The reference to 'near future' tech is problematic in this, as 2-3 decades is the typical timescale of planning & constructing (in the case of James Webb more like 4 decades) a major observatory or space mission, given current funding horizons.
Given those timescales, technology in large observatory projects is frozen at a given, defined point (otherwise you'd keep exchanging and updating components) and then this frozen level of tech is used for the remainder of the existing mission (this is particularly true for space missions, ground observatories i.e. next generation interferometers and ELT's can be build much more modular).
Because of this, large observatories always lag a few decades behind compared to the newest standards, which are e.g. used in smaller science missions or top-secret intelligence satellites.

So with this disclaimer, it's clear that your mission will essentially use the technology which is in todays spy satellites, and be a typical factor 3-10 better (as it is usually per generation of telescopes) in angular resolution, signal-to-noise S/N, spectral capabilities, etc.

This factor 3-10 is a huge oversimplification, and particular for the light gathering capability (or sensitivity, or S/N) the size of your telescope and/or number of array telescopes play an overwhelming role.
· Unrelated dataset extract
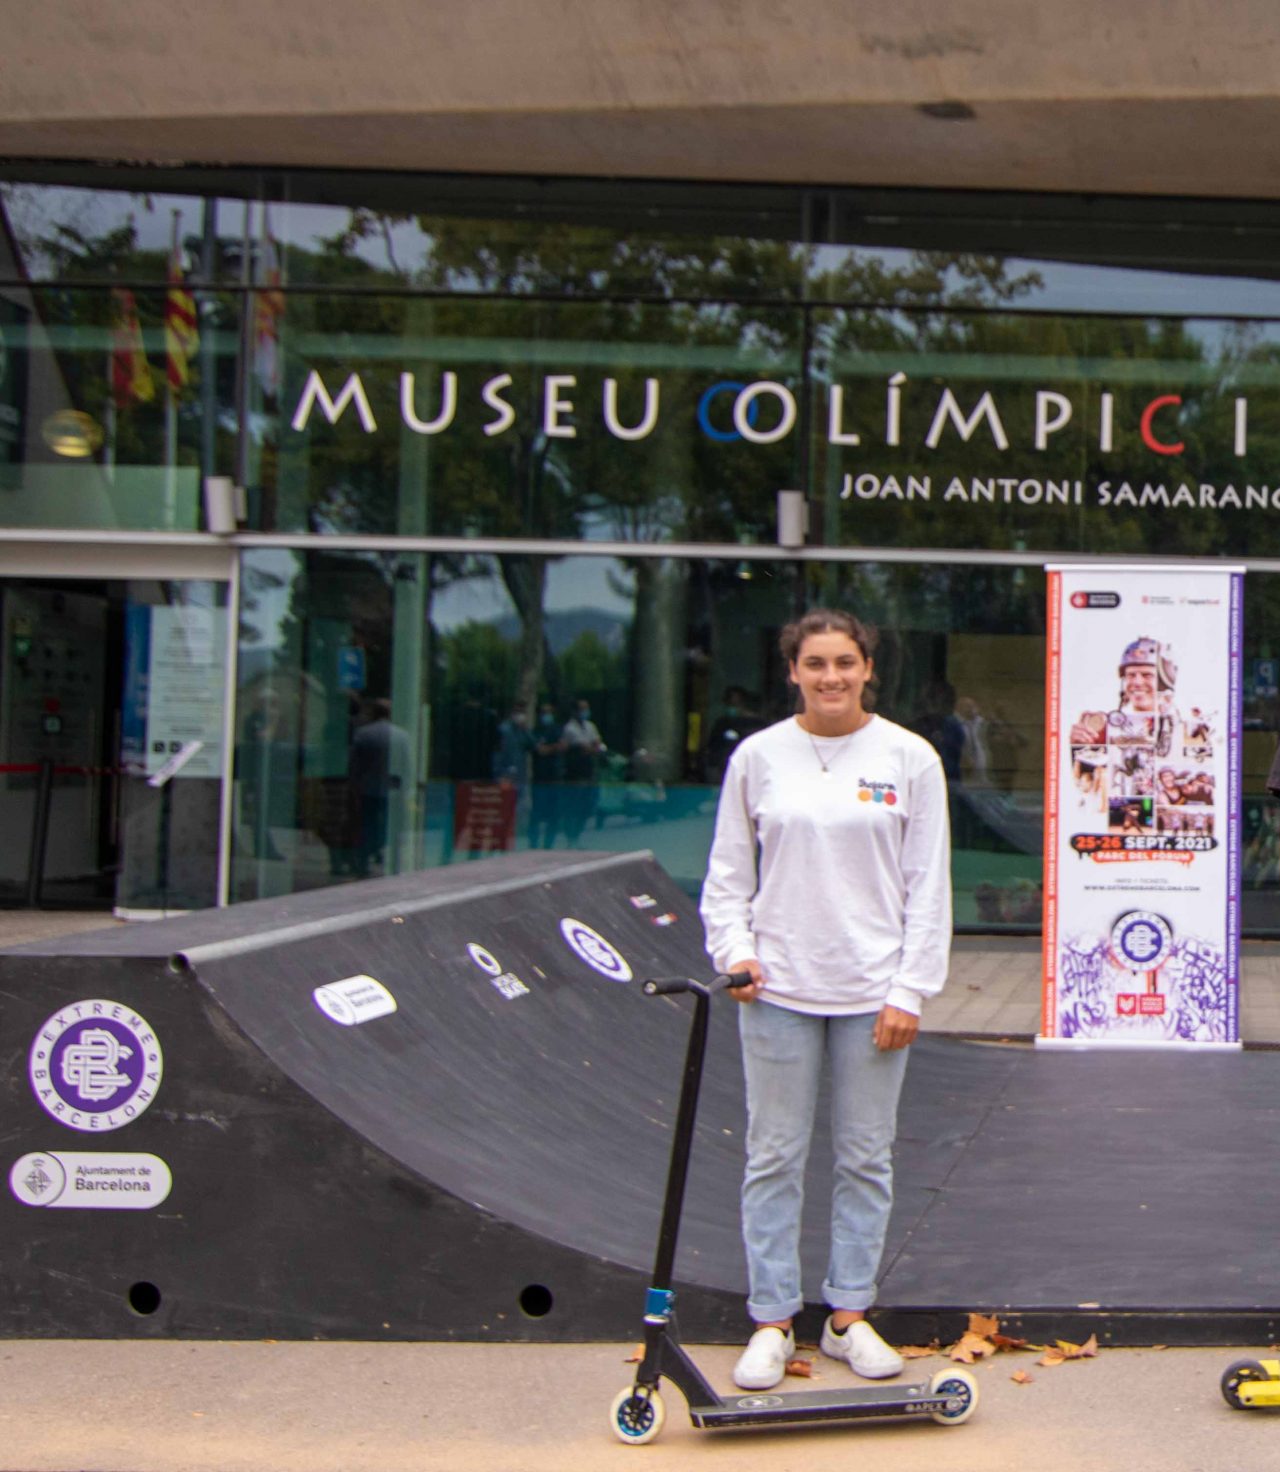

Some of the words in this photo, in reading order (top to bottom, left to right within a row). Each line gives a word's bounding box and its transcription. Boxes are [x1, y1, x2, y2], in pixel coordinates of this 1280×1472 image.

There, in principle you can just spend more money for a larger telescpe or more array elements, but the tech again limits whether you are actually able to analyse and use all the incoming data for an improvement in S/N.

2. The science

For what we can actually do with the data gathered, we have to distinguish between discovery and characterization. Discovery is only a factual statement, that something is there, while characterization is going beyond and actually saying what is there, how much etc.
The dividing line between those two modes of science is roughly the S/N ratio of the data you have: If you're fishing in the noise, and you barely see the signal of an Earth-like planet in the transit data, then you can only claim discovery. Your data is not good enough to say anything about its bulk properties or the existence of an atmosphere or other things we can today only vaguely dream of (like shape of continents etc.)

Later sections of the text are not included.